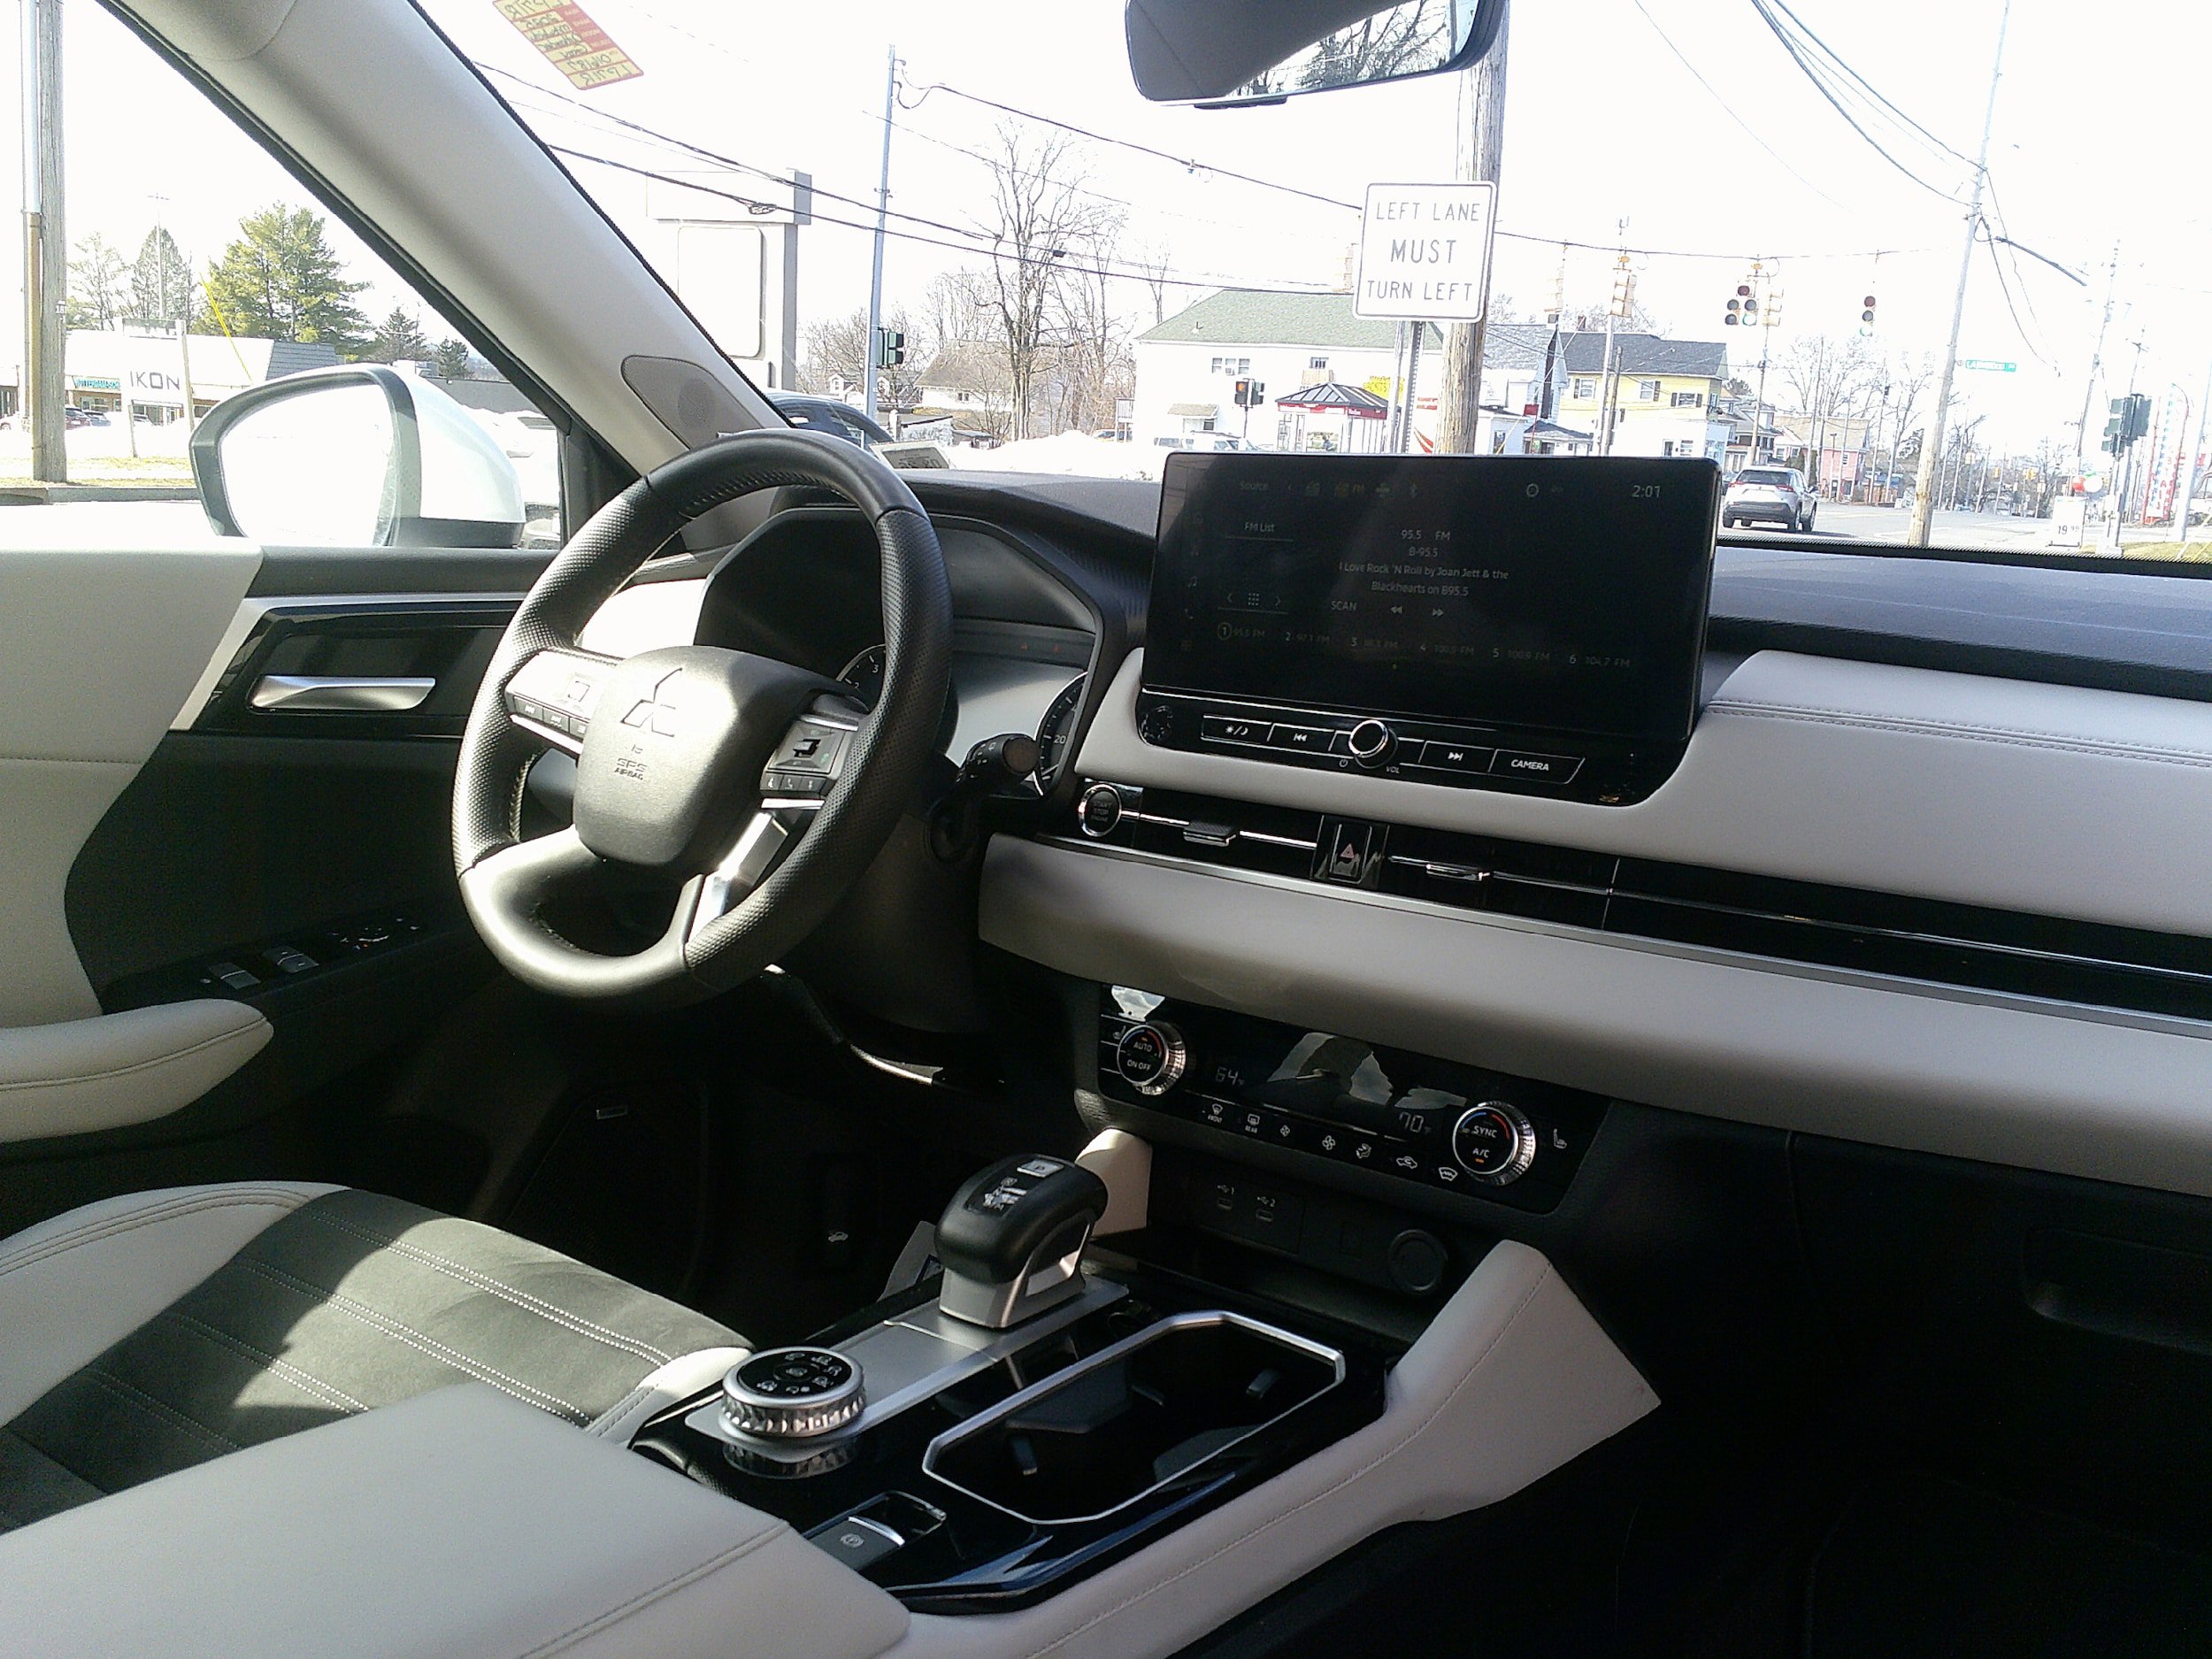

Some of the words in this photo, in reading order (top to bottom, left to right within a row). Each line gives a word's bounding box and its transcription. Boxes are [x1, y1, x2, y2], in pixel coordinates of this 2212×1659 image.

[1376, 202, 1420, 220] LEFT
[1432, 203, 1480, 221] LANE
[1390, 239, 1456, 264] MUST
[1367, 280, 1412, 299] TURN
[1424, 282, 1472, 301] LEFT
[130, 370, 180, 390] IKON
[1632, 484, 1662, 498] 2:01
[1244, 522, 1258, 532] FM
[1259, 522, 1275, 533] List
[1401, 530, 1422, 541] 95.5
[1434, 531, 1451, 541] FM
[1344, 562, 1364, 573] Love
[1367, 563, 1389, 574] Rock
[1404, 565, 1422, 575] Roll
[1424, 566, 1435, 578] by
[1437, 566, 1460, 578] Joan
[1461, 567, 1480, 579] Jett
[1481, 569, 1490, 579] &
[1492, 569, 1509, 580] the
[1371, 580, 1426, 595] Blackhearts
[1428, 585, 1440, 595] on
[1441, 585, 1469, 596] B95.5
[1331, 601, 1357, 611] SCAN
[1285, 631, 1291, 641] 2
[1351, 637, 1357, 647] 3
[1419, 642, 1426, 653] 4
[1492, 648, 1500, 658] 5
[1569, 653, 1577, 664] 6
[872, 664, 879, 673] 3
[1054, 734, 1066, 745] 20
[1385, 765, 1400, 774] VOL
[1509, 758, 1549, 772] CAMERA
[1133, 1041, 1152, 1053] AUTO
[1126, 1058, 1137, 1068] ON
[1138, 1061, 1151, 1071] OFF
[1244, 1125, 1258, 1134] REAR
[1472, 1125, 1497, 1139] SYNC
[1472, 1148, 1489, 1158] A/C
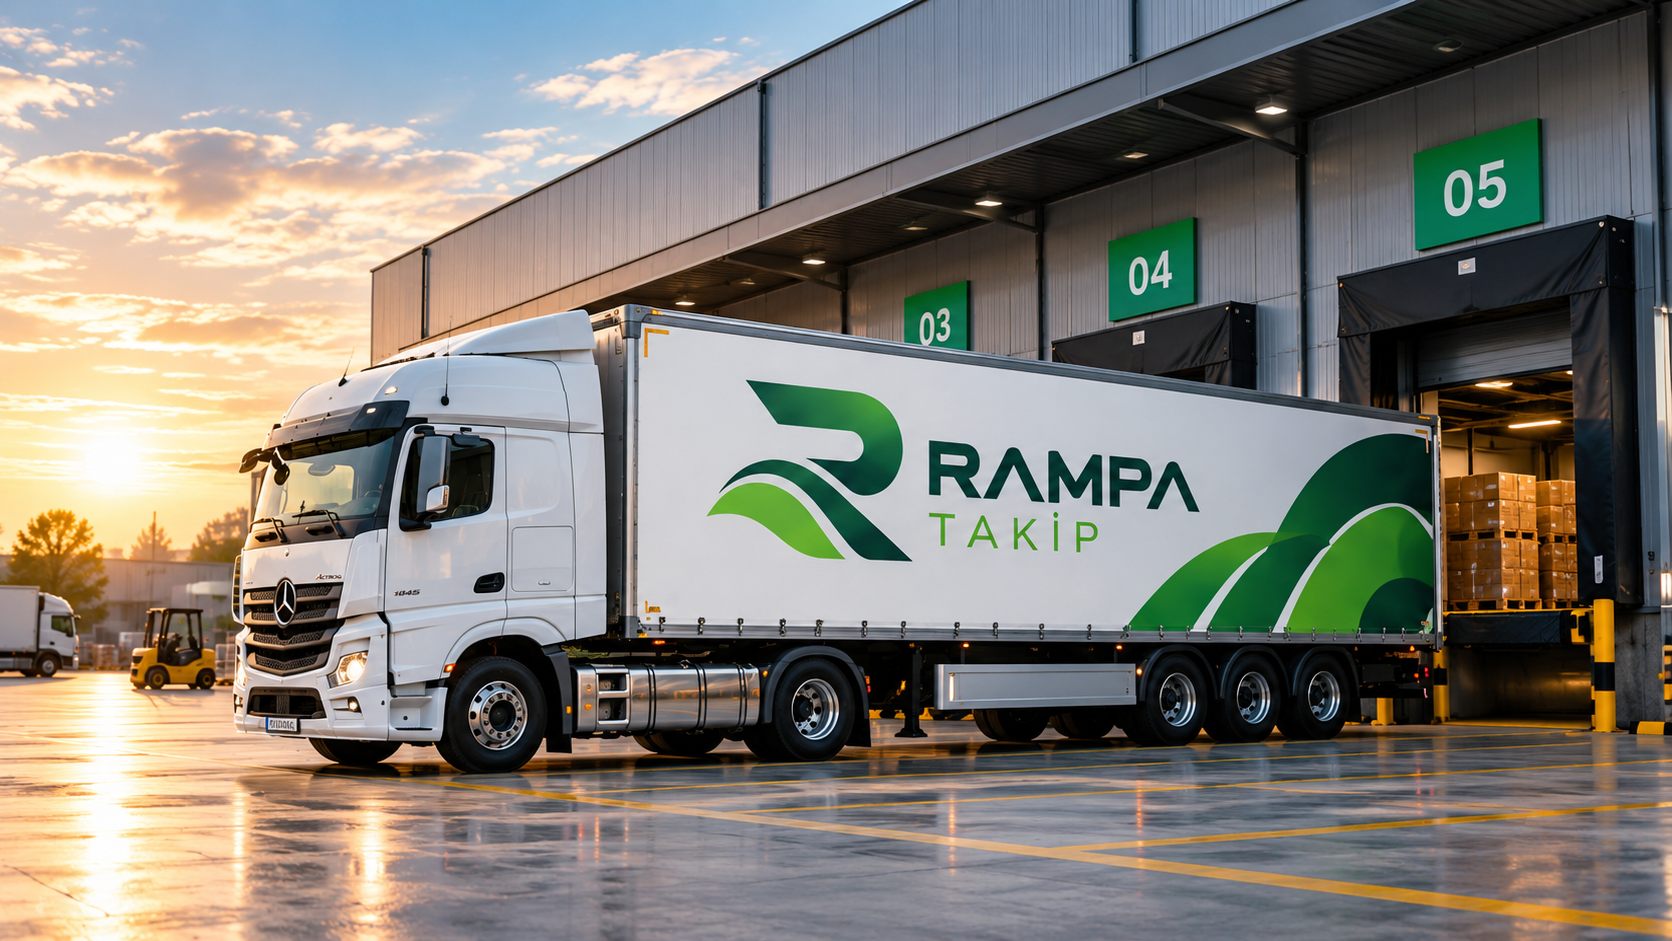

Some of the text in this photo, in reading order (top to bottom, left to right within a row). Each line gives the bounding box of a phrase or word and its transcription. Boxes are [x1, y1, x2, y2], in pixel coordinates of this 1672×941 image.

[1443, 159, 1507, 217] 05
[1128, 249, 1173, 296] 04
[919, 307, 951, 346] 03
[929, 440, 1200, 512] RAMPA
[929, 513, 1099, 553] TAKİP
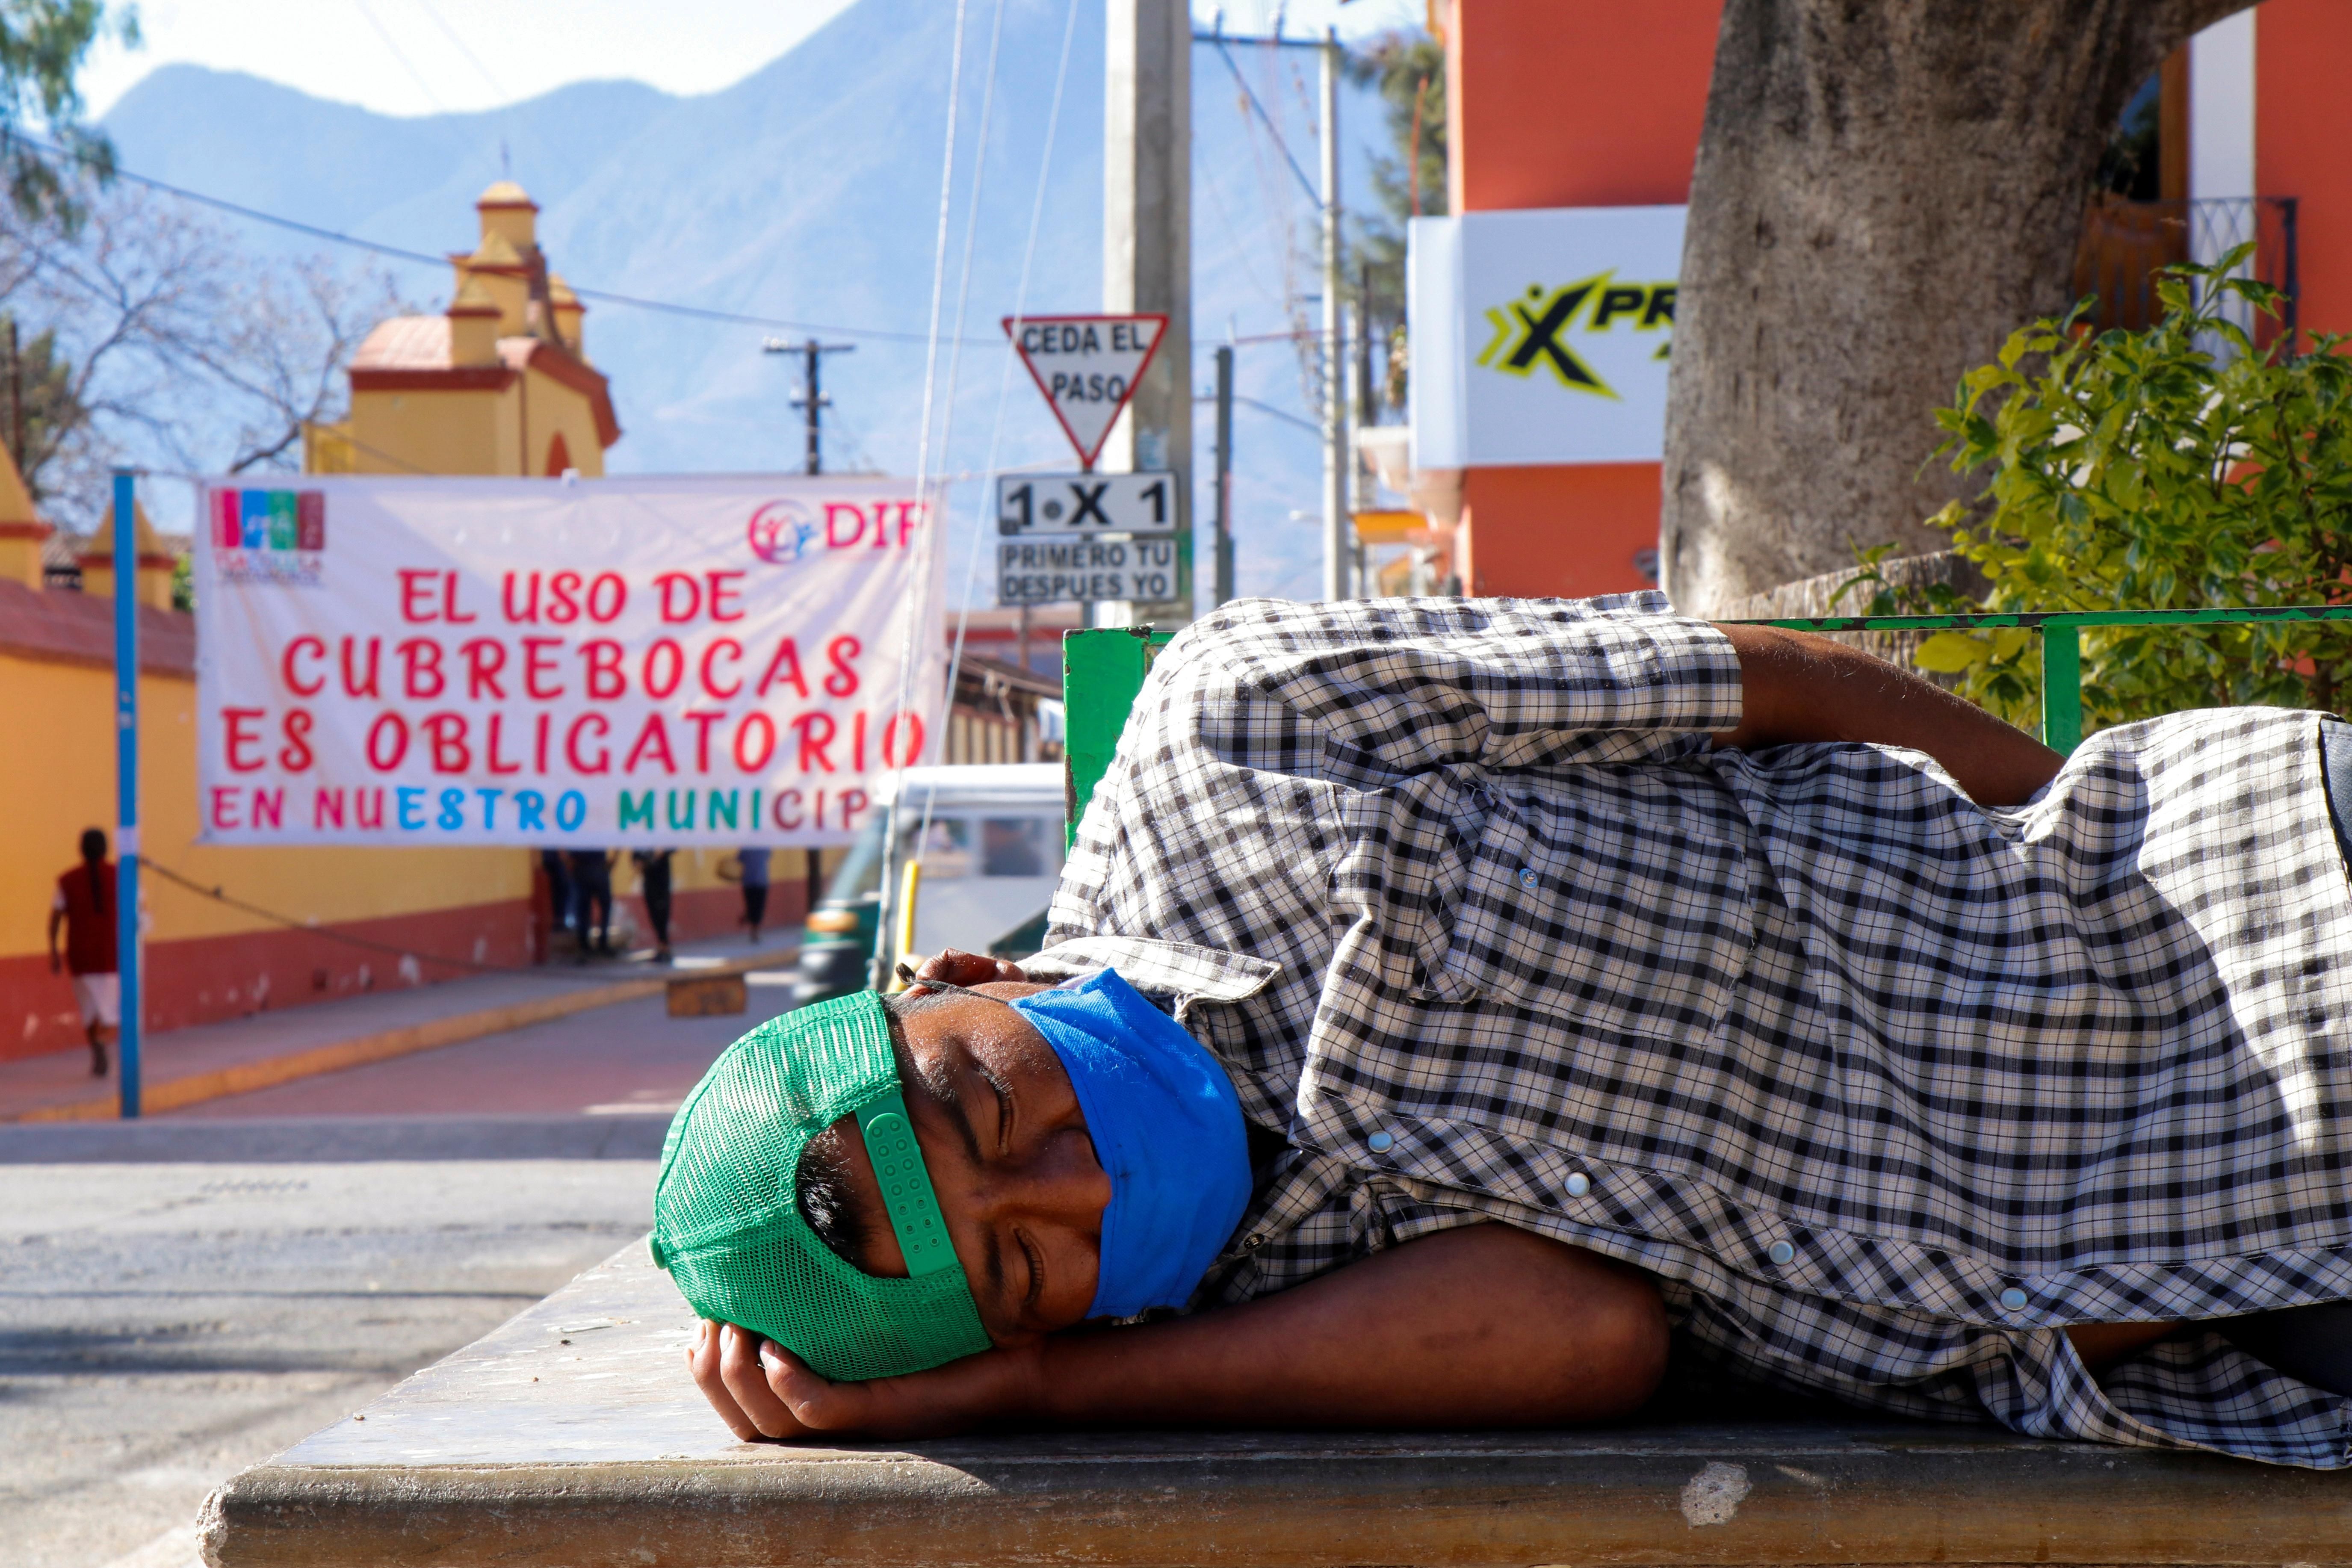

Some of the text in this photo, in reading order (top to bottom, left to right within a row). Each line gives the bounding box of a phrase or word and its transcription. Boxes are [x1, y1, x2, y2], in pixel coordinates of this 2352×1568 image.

________________________

EXERCISE INSTRUCTIONS: An exact, picture-free copy of the entries is required.

EXERCISE RESPONSE:
Some of the words in this photo, in reading order (top to bottom, left to right within a row). Each line gives a word's bounding box and its transcription. Boxes are [x1, y1, x2, y2], in pixel coordinates of this 2212×1659 image.

[1376, 202, 1420, 220] LEFT
[1432, 203, 1480, 221] LANE
[1390, 239, 1456, 264] MUST
[1367, 280, 1412, 299] TURN
[1424, 282, 1472, 301] LEFT
[130, 370, 180, 390] IKON
[1632, 484, 1662, 498] 2:01
[1244, 522, 1258, 532] FM
[1259, 522, 1275, 533] List
[1401, 530, 1422, 541] 95.5
[1434, 531, 1451, 541] FM
[1344, 562, 1364, 573] Love
[1367, 563, 1389, 574] Rock
[1404, 565, 1422, 575] Roll
[1424, 566, 1435, 578] by
[1437, 566, 1460, 578] Joan
[1461, 567, 1480, 579] Jett
[1481, 569, 1490, 579] &
[1492, 569, 1509, 580] the
[1371, 580, 1426, 595] Blackhearts
[1428, 585, 1440, 595] on
[1441, 585, 1469, 596] B95.5
[1331, 601, 1357, 611] SCAN
[1285, 631, 1291, 641] 2
[1351, 637, 1357, 647] 3
[1419, 642, 1426, 653] 4
[1492, 648, 1500, 658] 5
[1569, 653, 1577, 664] 6
[872, 664, 879, 673] 3
[1054, 734, 1066, 745] 20
[1385, 765, 1400, 774] VOL
[1509, 758, 1549, 772] CAMERA
[1133, 1041, 1152, 1053] AUTO
[1126, 1058, 1137, 1068] ON
[1138, 1061, 1151, 1071] OFF
[1244, 1125, 1258, 1134] REAR
[1472, 1125, 1497, 1139] SYNC
[1472, 1148, 1489, 1158] A/C

Some of the text in this photo, in reading order (top to bottom, left to right within a row). Each line gives the bounding box of a phrase or word and its transcription. Boxes are [x1, y1, x2, y2], in pixel coordinates of this 1672×941 image.

[1443, 159, 1507, 217] 05
[1128, 249, 1173, 296] 04
[919, 307, 951, 346] 03
[929, 440, 1200, 512] RAMPA
[929, 513, 1099, 553] TAKİP

Some of the text in this photo, in reading order (top to bottom, left to right within a row). Each line gives the bounding box of a phrase or word and its transcription. Boxes are [x1, y1, x2, y2], in pixel coordinates of this 2352×1568 image.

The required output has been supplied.